A Haunted Halloween look at some fresh from the page frights


Granted,this isn't a very Happy Halloween for most of us out here on the East Coast but with the full impact of Hurricane Sandy behind us,we can still scare up some sinister spirits of the day.

For this year,I've gathered together a collection of fearsome folk that have ghoulishly graced the bookshelves and movie screens of yore with their chilling ways yet are not the first ones to be thought of when choosing a trick or treat costume. Each one has a bit of charm that allows them access to others but letting any of these frightening figures into your life is about as safe as ignoring "Danger,Will Robinson,Danger!":


MISS HAVISHAM: You might be tempted to feel sorry for this lonely lady from Charles Dickens' classic novel Great Expectations,whose sorrow over being left at the altar caused her such deep despair. Yet,keep in mind that no one forced her to become a living ghost dedicated to letting herself rot away,along the remains of her canceled wedding party.

Her main evil is spending the rest of her days training her ward Estella to be a hardhearted temptress and using poor Pip as the stone to sharpen her apprentice's skills with. True,Miss Havisham did regret her mode of revenge upon the world at last but her choice of redemption is definitely not recommended:




BRUNO ANTHONY: As noted in the Alfred Hitchcock adaptation of Patricia Highsmith's Strangers on a Train,Mr.Anthony does fancy himself as a "very clever fellow"indeed and can not understand why his new friend Guy won't do him the simple favor of killing his father for him.

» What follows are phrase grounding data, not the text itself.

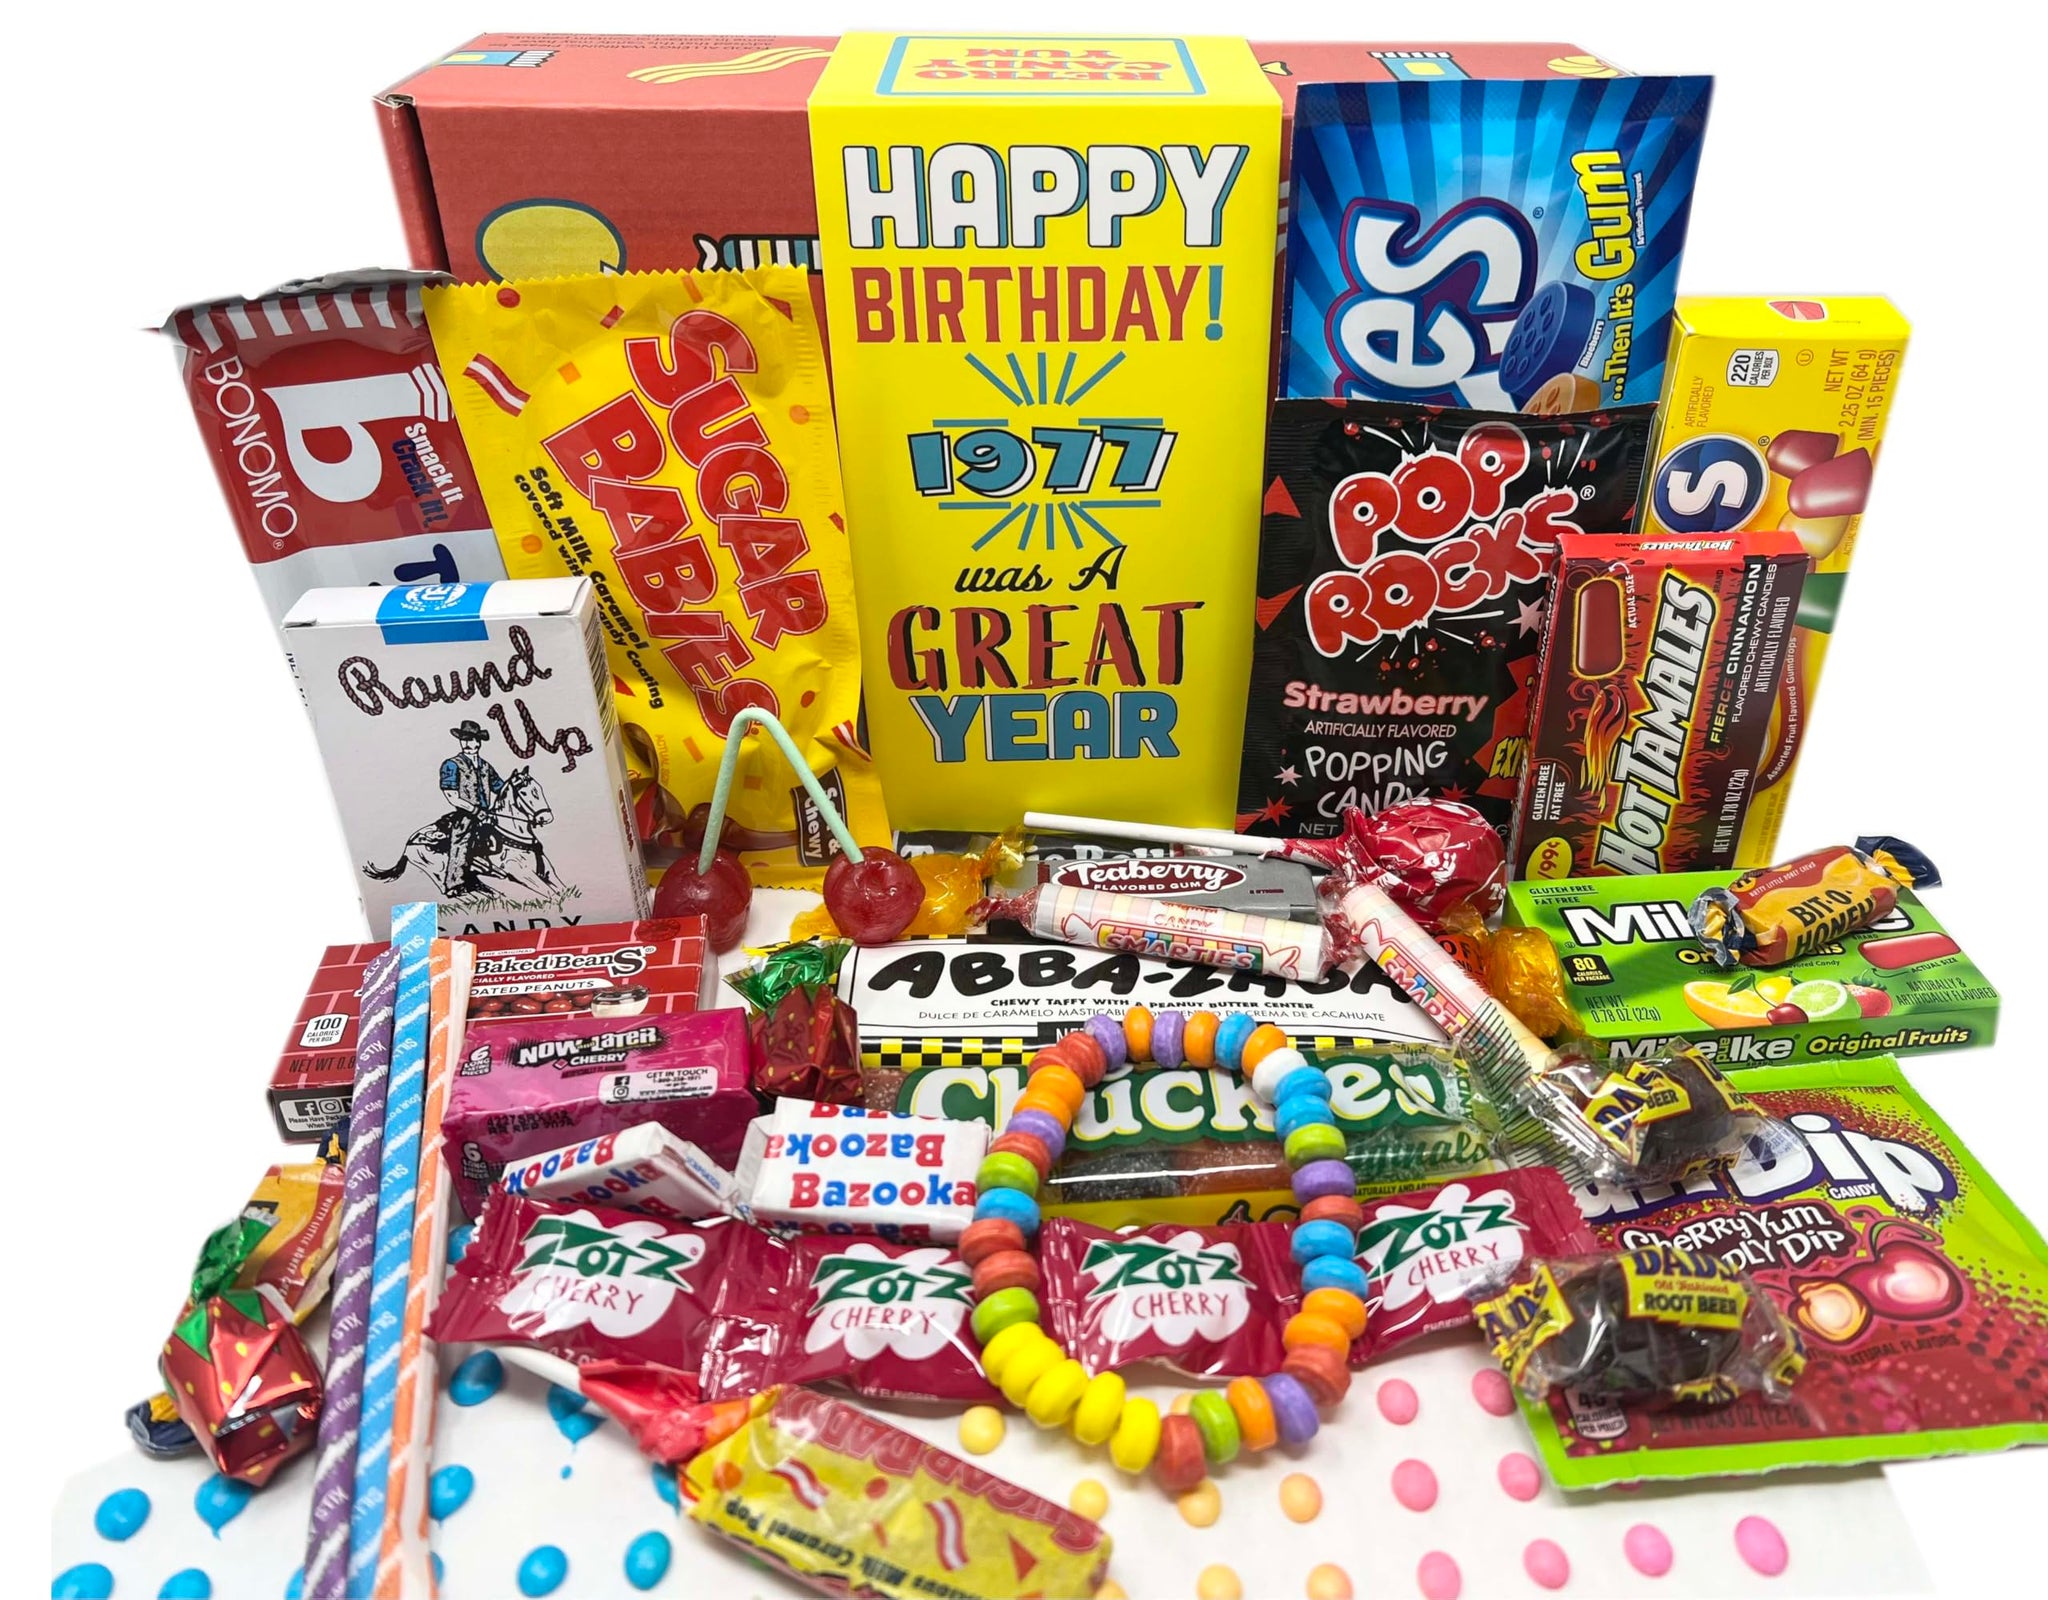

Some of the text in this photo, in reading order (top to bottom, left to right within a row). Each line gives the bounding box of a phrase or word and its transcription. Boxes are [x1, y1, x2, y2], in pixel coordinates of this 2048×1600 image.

[915, 70, 1164, 82] RETRO
[927, 60, 1171, 70] CANDY
[842, 143, 1249, 249] HAPPY
[1570, 150, 1635, 280] Gum
[851, 265, 1223, 343] BIRTHDAY!
[1609, 282, 1635, 318] It's
[1580, 320, 1604, 368] Blueberry
[1731, 354, 1751, 382] 220
[1749, 350, 1765, 385] CALORIES
[1761, 355, 1773, 381] PER BOX
[1824, 348, 1850, 393] NET WT
[1684, 376, 1706, 428] ARTIFICIALLY
[1697, 386, 1714, 428] FLAVORED
[1838, 361, 1870, 428] 2.25 OZ (64
[1857, 349, 1900, 441] (MIN. 15 PIECES)
[204, 355, 298, 538] BONOMO
[405, 422, 446, 488] Smack
[907, 426, 1178, 498] 1977
[391, 437, 429, 498] Crack
[624, 309, 829, 651] SUGAR
[1329, 422, 1530, 568] POP
[529, 466, 650, 649] Soft Milk Caramel
[541, 390, 780, 741] BABIES
[954, 545, 1127, 593] was A
[1305, 485, 1584, 658] ROCKS
[514, 474, 562, 541] covered
[626, 649, 665, 710] Coating
[1625, 574, 1639, 629] ACTUAL SIZE
[887, 601, 1205, 692] GREAT
[1710, 564, 1762, 744] FIERCE CINNAMON
[1732, 563, 1777, 723] FLAVORED CHEWY CANDIES
[1754, 596, 1791, 693] ARTIFICIALLY FLAVORED
[338, 625, 552, 717] Round
[1612, 573, 1717, 800] TAMALES
[1283, 680, 1488, 722] Strawberry
[1767, 636, 1798, 781] Assorted Fruit Flavored Gumdrops
[487, 698, 594, 773] Up
[909, 691, 1180, 763] YEAR
[1304, 719, 1457, 739] ARTIFICIALLY FLAVORED
[1305, 740, 1448, 783] POPPING
[1538, 764, 1550, 786] FREE
[1532, 787, 1546, 821] GLUTEN
[1550, 781, 1565, 821] FAT FREE
[1298, 822, 1339, 836] NET
[1068, 860, 1229, 889] Teaberry
[1094, 881, 1201, 891] FLAVORED GUM
[1529, 886, 1568, 895] GLUTEN
[1749, 861, 1817, 898] NUTTY LITTLE HONEY CHEWS
[1796, 897, 1874, 954] HONEY
[475, 955, 548, 975] Baked
[1105, 934, 1256, 969] SMARTIES
[1572, 957, 1597, 971] 80
[1815, 959, 1840, 968] Candy
[1911, 957, 1958, 974] ACTUAL SIZE
[507, 973, 555, 983] FLAVORED
[524, 980, 595, 993] PEANUTS
[1906, 977, 1966, 992] NATURALLY &
[990, 999, 1041, 1007] CHEWY
[1047, 998, 1089, 1006] TAFFY
[1585, 995, 1629, 1009] NET WT.
[1896, 987, 1999, 1006] ARTIFICIALLY FLAVORED
[314, 1017, 342, 1031] 100
[919, 1011, 959, 1020] DULCE
[963, 1011, 979, 1019] DE
[983, 1008, 1053, 1019] CARAMELO
[1246, 1010, 1291, 1018] CREMA
[1314, 1011, 1385, 1022] CACAHUATE
[1591, 1007, 1661, 1023] 0.78 OZ (22g)
[306, 1030, 340, 1038] CALORIES
[360, 1040, 387, 1062] STIX
[518, 1037, 580, 1066] NOW
[1729, 1036, 1795, 1062] Ike
[1809, 1027, 1969, 1056] Original Fruits
[289, 1057, 335, 1073] NET WT
[463, 1058, 490, 1068] LONG
[470, 1046, 491, 1061] 6
[570, 1052, 627, 1066] CHERRY
[461, 1069, 490, 1077] PIECES
[646, 1071, 664, 1079] GET
[677, 1068, 709, 1077] TOUCH
[910, 1066, 1434, 1142] Chuckes
[463, 1142, 482, 1162] 6
[764, 1133, 946, 1167] Bazooka
[347, 1164, 376, 1190] STIX
[789, 1172, 977, 1209] Bazooka
[1829, 1184, 1878, 1200] CANDY
[514, 1216, 697, 1293] ZOTZ
[1354, 1204, 1527, 1281] ZOTZ
[1080, 1241, 1257, 1290] ZOTZ
[1408, 1242, 1500, 1286] CHERRY
[533, 1275, 645, 1316] CHERRY
[809, 1255, 978, 1318] ZOTZ
[830, 1306, 938, 1333] CHERRY
[1132, 1291, 1232, 1321] CHERRY
[1644, 1294, 1737, 1315] ROOT BEER
[332, 1312, 363, 1341] STIX
[1840, 1342, 1897, 1365] NATURAL
[314, 1486, 349, 1522] STIX
[725, 1496, 763, 1531] Pop
[764, 1518, 855, 1568] Caramel
[860, 1553, 903, 1593] Milk
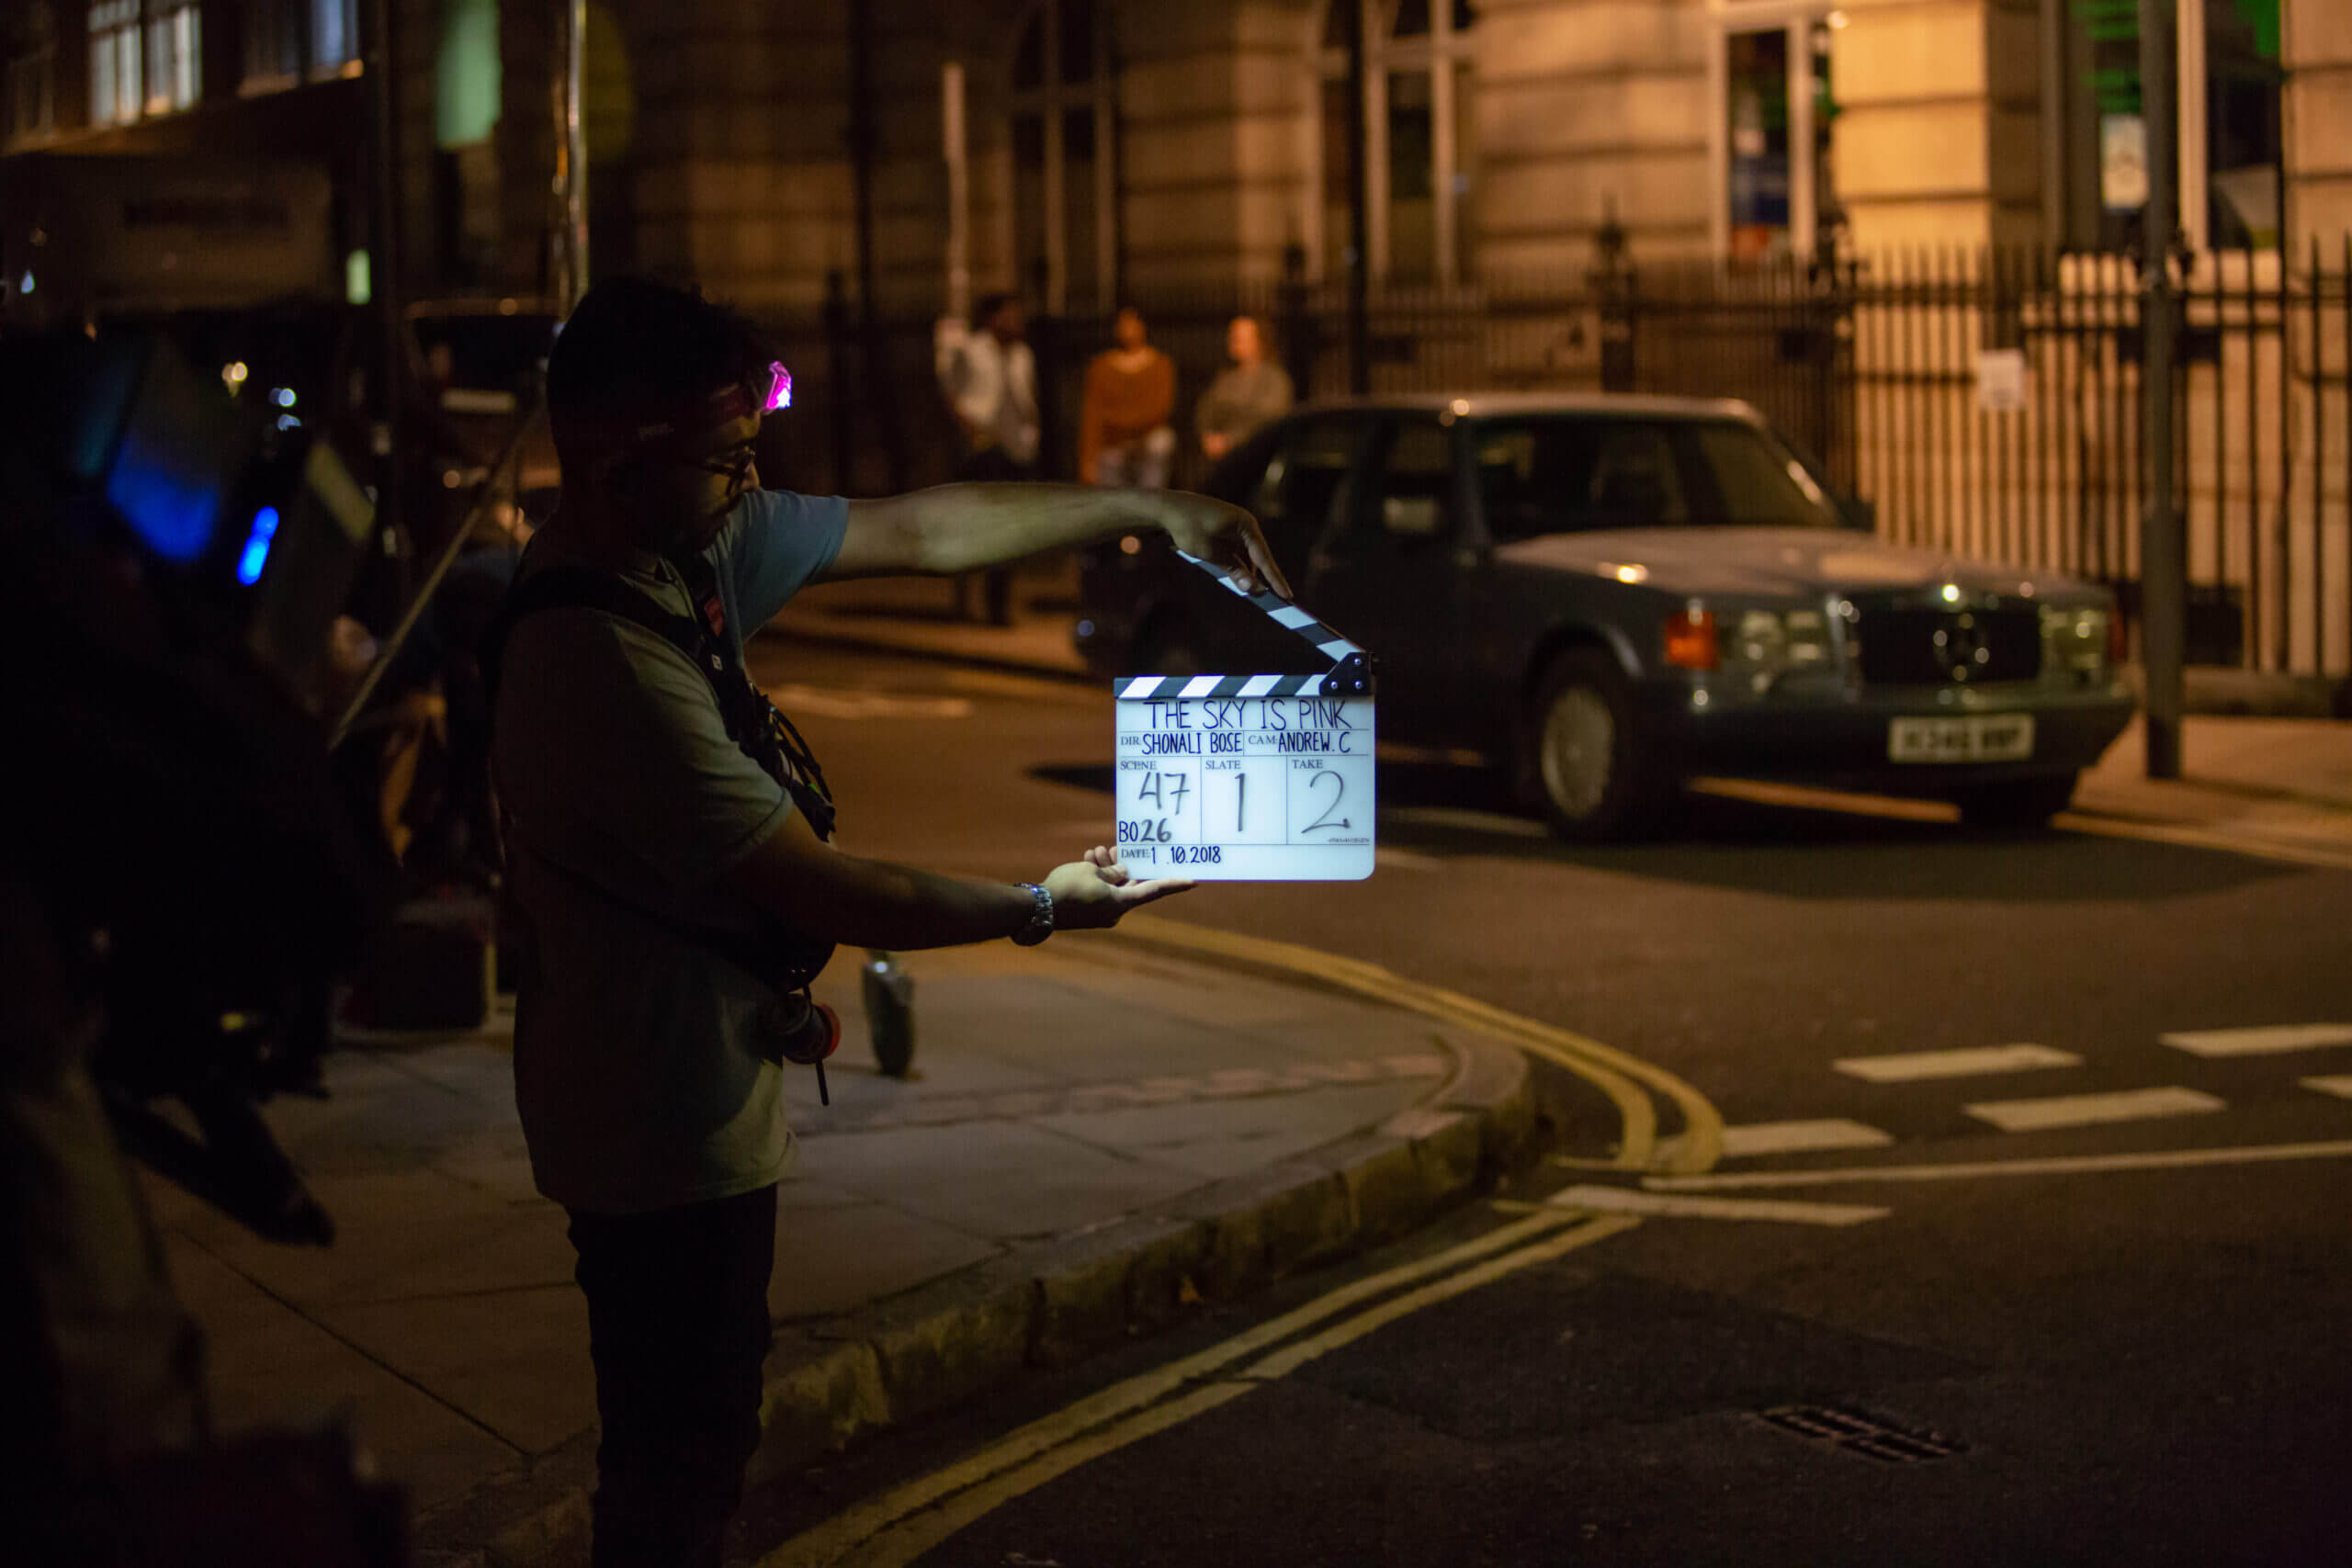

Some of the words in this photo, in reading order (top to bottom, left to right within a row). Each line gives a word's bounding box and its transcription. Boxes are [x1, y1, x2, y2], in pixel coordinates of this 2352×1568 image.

[1142, 700, 1192, 729] THE
[1202, 699, 1247, 729] SKY
[1260, 699, 1286, 731] IS
[1299, 698, 1352, 729] PINK
[1141, 732, 1202, 755] SHONALI
[1210, 732, 1243, 753] BOSE
[1120, 760, 1158, 771] SCENE
[1204, 760, 1241, 770] SLATE
[1292, 759, 1324, 770] TAKE
[1138, 772, 1191, 816] 47
[1234, 773, 1246, 832] 1
[1301, 770, 1351, 834] 2

After all,he helped Guy out by killing his troublesome wife for him,with the sort of understanding that didn't require Guy to actually agree to this plan.

Bruno is a pleasantly persistent person who can be a delight at parties, except when his true dark side starts to show:




MRS.DANVERS Another Hitchcockian tormentor was this horrifying housekeeper from Daphne Du Maurier's Rebecca,totally devoted to the former mistress of Manderley so much that she was quite willing to encourage the new lady of the house into serious self harm.

Just her mere presence in the room brought chills to the spine and could make the most poised person feel nervous and awkward. Her loyalty to her previous employer would be touching if Mrs. Danvers wasn't the type of woman that despised all those who didn't live up to her harsh standards and deserved to be destroyed,in her not so humble opinion:




HARRY POWELL: This talkative fiend,from the 1955 film adaptation of Davis Grubb' thriller Night of the Hunter,claims to be a man of God but his actions are far from holy.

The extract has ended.